Sharing Knowledge: from the School to the Whole City
The school health club is one of many measures implemented by Welthungerhilfe in conjunction with various partners as part of the Ebola aid programme, financed by the German development bank (KfW), in the counties of Grand Gedeh, River Gee and Sinoe. In the schools of rural Liberia, Welthungerhilfe is focusing on WASH (water, sanitation and hygiene), and not without reason. According to UNICEF, 43% of schools in Liberia lack access to functioning latrines and 82% have no handwashing facilities.
In the school health clubs, students learned important information about handling food, the significance of clean drinking water and other topics. “We then passed our knowledge on to our schoolmates. We also told other people about it, for example the snack vendors at our school and our relatives,” explains Pauline.
Fighting diseases and hunger with WASH
The WASH programme has a positive impact on people's nutrition security – and that is why it is so important for Welthungerhilfe's work. Healthy people are better able to absorb the nutrients in food – whereas malnourished people are even more susceptible to diseases. The recent Ebola outbreak is evidence for the need to strengthen WASH preventive measures at all levels. Welthungerhilfe targets schools communities, creating awareness on the preventive measures the public must take to stay safe. It is taught, for example, how important it is to wash hands with soap, drink water only from a safe well or not to share your water bottle with someone.
Pauline wants to educate about menstruation
The local radio reported about the event to generate public interest and to increase awareness for the hygiene campaign. The first winners received a one-year scholarship at a school of their choice, including school uniform, whilst all other contestants received personal hygiene kits.

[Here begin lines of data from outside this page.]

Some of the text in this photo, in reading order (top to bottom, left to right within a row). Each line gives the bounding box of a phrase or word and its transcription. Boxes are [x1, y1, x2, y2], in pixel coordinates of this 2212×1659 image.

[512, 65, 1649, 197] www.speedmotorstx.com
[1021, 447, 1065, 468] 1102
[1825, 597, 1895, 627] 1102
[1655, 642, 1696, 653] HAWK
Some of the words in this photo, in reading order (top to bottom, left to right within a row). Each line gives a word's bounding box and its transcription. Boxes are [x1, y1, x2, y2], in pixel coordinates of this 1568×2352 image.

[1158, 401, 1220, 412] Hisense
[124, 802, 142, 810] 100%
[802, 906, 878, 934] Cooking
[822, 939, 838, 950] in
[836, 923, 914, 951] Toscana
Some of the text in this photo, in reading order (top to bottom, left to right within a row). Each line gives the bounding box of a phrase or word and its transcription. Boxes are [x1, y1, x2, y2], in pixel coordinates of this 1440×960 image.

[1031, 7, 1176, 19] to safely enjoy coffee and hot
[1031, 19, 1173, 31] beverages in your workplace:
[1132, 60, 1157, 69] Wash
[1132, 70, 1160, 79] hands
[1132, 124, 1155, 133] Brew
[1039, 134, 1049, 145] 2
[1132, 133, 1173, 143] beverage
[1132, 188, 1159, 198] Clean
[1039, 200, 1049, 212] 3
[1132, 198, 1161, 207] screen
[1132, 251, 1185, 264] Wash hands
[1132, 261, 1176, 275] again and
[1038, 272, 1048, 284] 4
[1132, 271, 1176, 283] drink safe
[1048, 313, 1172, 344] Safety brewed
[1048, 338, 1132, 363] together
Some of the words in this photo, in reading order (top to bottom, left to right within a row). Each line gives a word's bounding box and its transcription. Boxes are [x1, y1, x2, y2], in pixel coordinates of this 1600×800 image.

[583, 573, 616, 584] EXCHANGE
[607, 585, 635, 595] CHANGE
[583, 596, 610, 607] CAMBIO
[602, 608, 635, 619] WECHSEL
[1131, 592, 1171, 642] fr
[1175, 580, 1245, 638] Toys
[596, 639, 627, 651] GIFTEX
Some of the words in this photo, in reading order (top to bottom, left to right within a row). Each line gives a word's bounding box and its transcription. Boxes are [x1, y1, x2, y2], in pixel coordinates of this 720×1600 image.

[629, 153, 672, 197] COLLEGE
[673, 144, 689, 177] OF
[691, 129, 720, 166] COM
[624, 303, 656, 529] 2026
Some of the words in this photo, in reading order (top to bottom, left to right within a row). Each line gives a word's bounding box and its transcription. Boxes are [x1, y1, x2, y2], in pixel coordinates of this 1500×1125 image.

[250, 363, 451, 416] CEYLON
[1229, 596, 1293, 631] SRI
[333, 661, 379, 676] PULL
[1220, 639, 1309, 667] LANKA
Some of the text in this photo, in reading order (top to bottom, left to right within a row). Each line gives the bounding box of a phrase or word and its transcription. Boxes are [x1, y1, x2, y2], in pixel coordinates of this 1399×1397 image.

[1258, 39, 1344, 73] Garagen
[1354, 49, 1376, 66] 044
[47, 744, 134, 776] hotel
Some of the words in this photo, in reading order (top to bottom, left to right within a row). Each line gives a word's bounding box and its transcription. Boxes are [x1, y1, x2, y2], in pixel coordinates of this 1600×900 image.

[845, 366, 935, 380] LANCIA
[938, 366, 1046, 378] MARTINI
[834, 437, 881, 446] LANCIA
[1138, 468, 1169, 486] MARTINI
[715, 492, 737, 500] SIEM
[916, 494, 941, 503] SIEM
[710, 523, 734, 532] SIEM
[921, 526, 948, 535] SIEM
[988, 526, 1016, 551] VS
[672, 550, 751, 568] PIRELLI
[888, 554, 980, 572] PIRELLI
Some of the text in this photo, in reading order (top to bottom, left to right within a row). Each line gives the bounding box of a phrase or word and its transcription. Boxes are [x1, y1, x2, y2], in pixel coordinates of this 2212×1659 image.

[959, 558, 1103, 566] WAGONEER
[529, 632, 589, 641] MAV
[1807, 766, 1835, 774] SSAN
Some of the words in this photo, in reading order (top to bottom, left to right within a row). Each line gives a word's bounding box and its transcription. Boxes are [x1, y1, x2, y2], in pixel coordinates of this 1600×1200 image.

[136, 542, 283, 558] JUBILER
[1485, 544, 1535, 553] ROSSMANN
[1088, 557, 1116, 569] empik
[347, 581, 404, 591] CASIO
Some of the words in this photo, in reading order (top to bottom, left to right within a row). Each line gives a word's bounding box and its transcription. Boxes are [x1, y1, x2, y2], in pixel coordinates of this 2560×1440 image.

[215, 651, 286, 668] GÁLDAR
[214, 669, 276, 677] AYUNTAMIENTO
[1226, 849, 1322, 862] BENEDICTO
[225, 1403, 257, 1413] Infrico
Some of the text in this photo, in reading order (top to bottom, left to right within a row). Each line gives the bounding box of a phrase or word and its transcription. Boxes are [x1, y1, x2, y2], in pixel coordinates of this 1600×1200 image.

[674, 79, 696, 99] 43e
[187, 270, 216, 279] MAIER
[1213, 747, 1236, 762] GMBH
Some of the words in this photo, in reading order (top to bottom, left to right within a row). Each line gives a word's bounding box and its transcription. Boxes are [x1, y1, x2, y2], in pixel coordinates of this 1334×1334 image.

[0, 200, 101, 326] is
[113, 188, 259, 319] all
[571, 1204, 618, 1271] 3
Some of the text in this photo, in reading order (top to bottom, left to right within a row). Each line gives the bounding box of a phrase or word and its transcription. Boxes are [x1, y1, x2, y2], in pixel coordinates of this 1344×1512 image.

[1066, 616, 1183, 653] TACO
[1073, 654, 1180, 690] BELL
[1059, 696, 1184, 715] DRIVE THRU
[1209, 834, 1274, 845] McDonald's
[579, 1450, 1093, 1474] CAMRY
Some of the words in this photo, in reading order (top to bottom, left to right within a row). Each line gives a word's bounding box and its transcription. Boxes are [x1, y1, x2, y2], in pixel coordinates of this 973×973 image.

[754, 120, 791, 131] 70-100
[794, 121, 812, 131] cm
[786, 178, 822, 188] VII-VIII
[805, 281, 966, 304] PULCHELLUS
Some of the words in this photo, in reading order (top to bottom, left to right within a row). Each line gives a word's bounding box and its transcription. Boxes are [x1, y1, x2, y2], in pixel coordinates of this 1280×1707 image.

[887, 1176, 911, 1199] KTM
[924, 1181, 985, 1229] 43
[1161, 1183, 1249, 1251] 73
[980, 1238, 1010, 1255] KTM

Miss Hygiene takes her title very seriously: “I’m especially interested in getting groups of girls together to talk about menstruation. I feel well respected and people listen to me. What I like the most about being Miss Hygiene is that it has taught me a lot about my own health and cleanliness.” Pauline has finished school and is ready for her next adventure: She has decided to enroll in the nursing school and will be moving to Monrovia for the next academic year. “I like helping people,” she says. “Later I will return to Zleh, because I want to be in my hometown and support my people.”